Pixar, lange unantastbar in der Disney-Galaxie, geriet nach dem Scheitern von „Buzz Lightyear“, einem 2022 erschienenen Film, der sich auf eine der Hauptfiguren der „Toy Story“-Filme konzentrierte, in Schwierigkeiten. Am Ende spielte der Film bei einem Budget von 200 Millionen US-Dollar nur 226 Millionen US-Dollar an den Kinokassen ein.

Auch im darauffolgenden Jahr enttäuschte „Elementary“ mit etwas weniger als 500 Millionen US-Dollar an Einspielergebnissen bei annähernd identischem Budget.

Gleichzeitig produzierte Pixar während des Starts der Plattform mehrere Zeichentrickserien, um das Disney+-Angebot zu stärken, etwa „Cars: On the Road“ aus der gleichnamigen Trilogie oder „Welcome to Doug’s“, in dem das Disney+-Angebot zu sehen ist Hund aus dem Film „Up There“.

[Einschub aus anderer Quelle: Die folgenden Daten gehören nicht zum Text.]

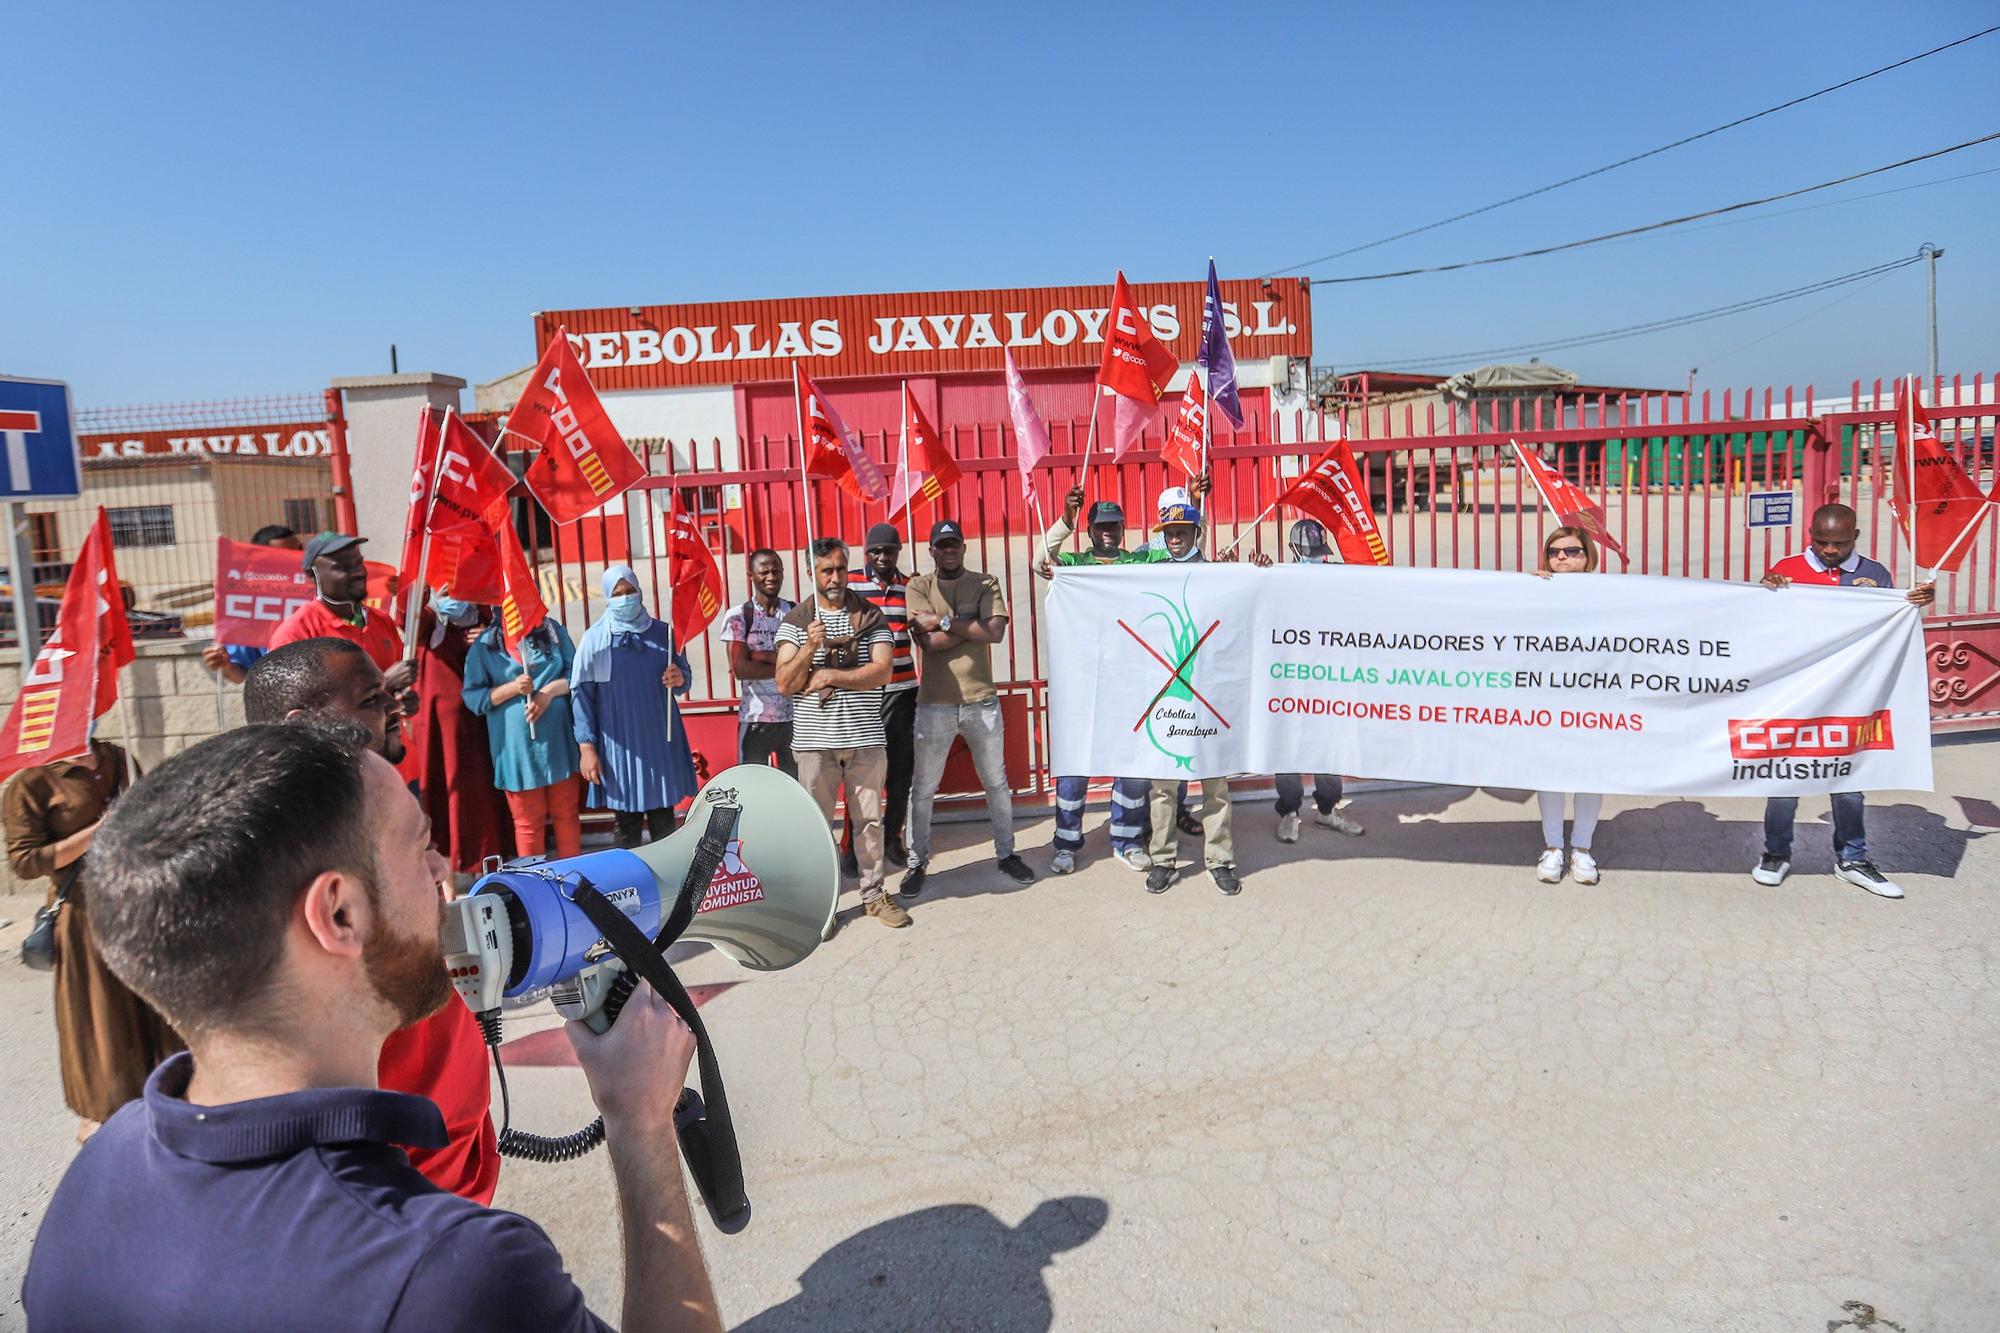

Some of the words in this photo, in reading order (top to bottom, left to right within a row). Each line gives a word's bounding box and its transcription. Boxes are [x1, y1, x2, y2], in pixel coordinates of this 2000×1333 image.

[868, 304, 1181, 354] JAVALOYS
[1316, 459, 1374, 532] CCOO
[1271, 629, 1311, 645] LOS
[1318, 631, 1485, 651] TRABAJADORES
[1493, 635, 1507, 651] Y
[1513, 635, 1690, 656] TRABAJADORAS
[1700, 640, 1731, 657] DE
[1270, 662, 1379, 684] CEBOLLAS
[1386, 669, 1513, 688] JAVALOYES
[1515, 671, 1543, 688] EN
[1549, 671, 1622, 690] LUCHA
[1630, 674, 1681, 693] POR
[1688, 677, 1751, 695] UNAS
[1155, 707, 1196, 720] Cebollas
[1268, 697, 1412, 721] CONDICIONES
[1418, 705, 1448, 723] DE
[1452, 706, 1553, 728] TRABAJO
[1560, 711, 1644, 732] DIGNAS
[1166, 724, 1218, 739] Javaloyes
[1739, 725, 1849, 751] CCOO
[1732, 757, 1852, 781] indústria
[704, 877, 759, 899] UVENTUD

Das Studio hofft, mit der Veröffentlichung von „Vice-versa 2“ wieder erfolgreich zu sein, was es dem Zuschauer ermöglichen wird, noch einmal die Wirren von Rileys Gefühlen zu verfolgen, die zum Teenager geworden sind, und dann „Elio“, die Geschichte eines kleinen Jungen Hilfe benötigen Integration in seine Schule, die für 2025 als Botschafter der Erde bei außerirdischen Zivilisationen geplant ist.

Disney begann letztes Jahr mit der Rückkehr seines ehemaligen Chefs Bob Iger eine umfassende Kostenjagd, was zur Entlassung von mehr als 8.000 Menschen führte – hauptsächlich in seinen Medienzweigen, darunter Disney+.

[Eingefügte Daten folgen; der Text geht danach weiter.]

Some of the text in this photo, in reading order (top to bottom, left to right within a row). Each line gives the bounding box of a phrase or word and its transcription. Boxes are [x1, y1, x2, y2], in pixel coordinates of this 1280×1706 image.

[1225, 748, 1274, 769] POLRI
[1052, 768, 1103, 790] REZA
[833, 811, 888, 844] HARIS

Im zweiten Quartal seines gestaffelten Geschäftsjahres gab der Konzern bekannt, dass sein Streaming-Dienst erstmals Gewinne erwirtschaftete, nachdem er seit seiner Einführung im Jahr 2019 nur Verluste verzeichnet hatte.

Der Nettogewinn von Disney sank jedoch auf 216 Millionen US-Dollar, verglichen mit 1,5 Milliarden US-Dollar im gleichen Zeitraum im Jahr 2023, hauptsächlich aufgrund von Vermögensabschreibungen und trotz einer Umsatzsteigerung.